Your objective →
Pictures are to be left out; everything else in the records must be repeated exactly.

Data shown →

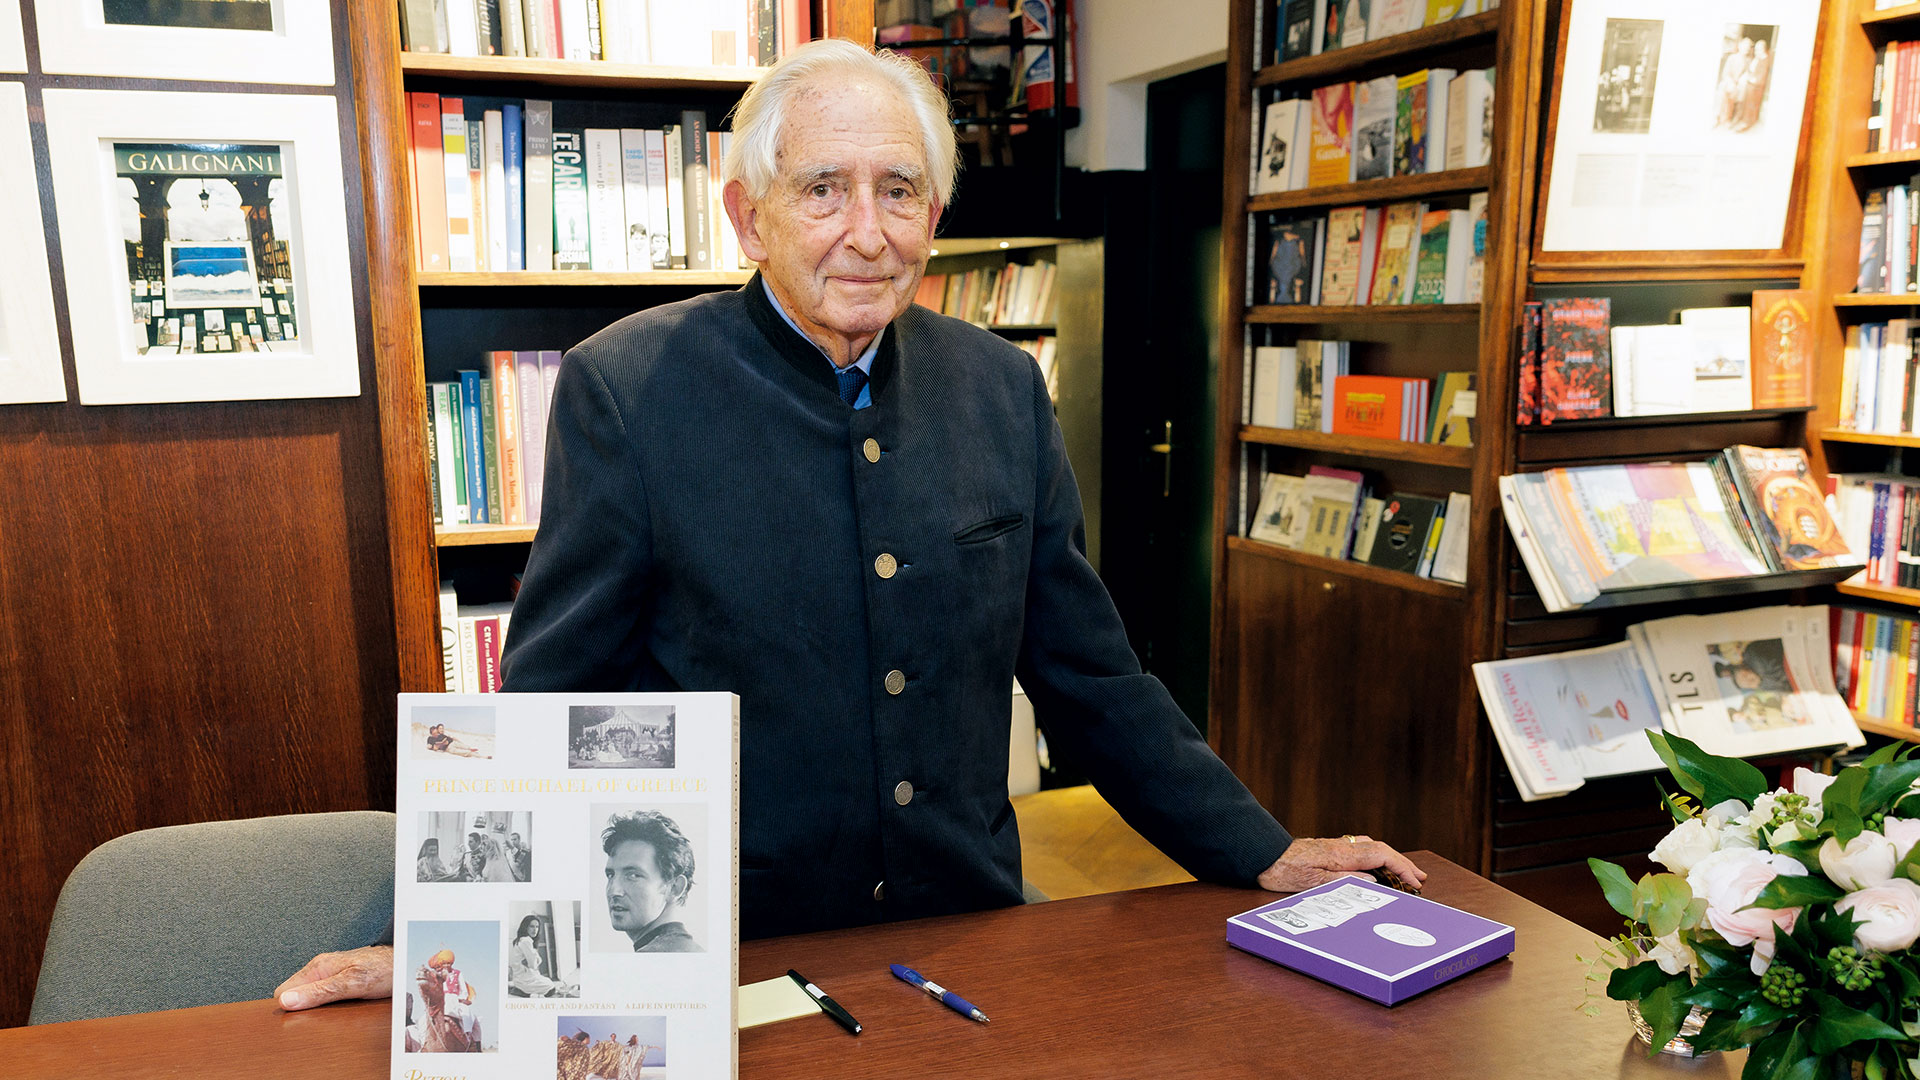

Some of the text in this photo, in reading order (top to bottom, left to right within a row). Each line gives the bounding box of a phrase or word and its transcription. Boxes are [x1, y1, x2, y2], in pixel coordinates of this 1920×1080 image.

[552, 132, 573, 151] LE
[694, 130, 703, 153] GOOD
[129, 153, 275, 173] GALIGNANI
[545, 366, 553, 382] VIET
[520, 366, 531, 442] VIET THANH NGUYEN
[506, 448, 517, 508] Andrew Motion
[464, 622, 473, 639] IRIS
[482, 625, 492, 644] CRY
[464, 641, 474, 673] ORIGO
[486, 657, 496, 693] KALAHAR
[1670, 671, 1703, 715] TLS
[1501, 671, 1558, 782] London Review
[423, 777, 710, 794] PRINCE MICHAEL OF GREECE
[1434, 953, 1479, 981] CHOCOLATS
[560, 1002, 577, 1010] AND
[578, 1002, 617, 1010] FANTASY
[625, 1002, 631, 1010] A
[632, 1002, 652, 1010] LIFE
[654, 1002, 663, 1010] IN
[664, 1002, 709, 1010] PICTURES

Response to the exercise →
Some of the text in this photo, in reading order (top to bottom, left to right within a row). Each line gives the bounding box of a phrase or word and its transcription. Boxes are [x1, y1, x2, y2], in pixel coordinates of this 1920×1080 image.

[552, 132, 573, 151] LE
[694, 130, 703, 153] GOOD
[129, 153, 275, 173] GALIGNANI
[545, 366, 553, 382] VIET
[520, 366, 531, 442] VIET THANH NGUYEN
[506, 448, 517, 508] Andrew Motion
[464, 622, 473, 639] IRIS
[482, 625, 492, 644] CRY
[464, 641, 474, 673] ORIGO
[486, 657, 496, 693] KALAHAR
[1670, 671, 1703, 715] TLS
[1501, 671, 1558, 782] London Review
[423, 777, 710, 794] PRINCE MICHAEL OF GREECE
[1434, 953, 1479, 981] CHOCOLATS
[560, 1002, 577, 1010] AND
[578, 1002, 617, 1010] FANTASY
[625, 1002, 631, 1010] A
[632, 1002, 652, 1010] LIFE
[654, 1002, 663, 1010] IN
[664, 1002, 709, 1010] PICTURES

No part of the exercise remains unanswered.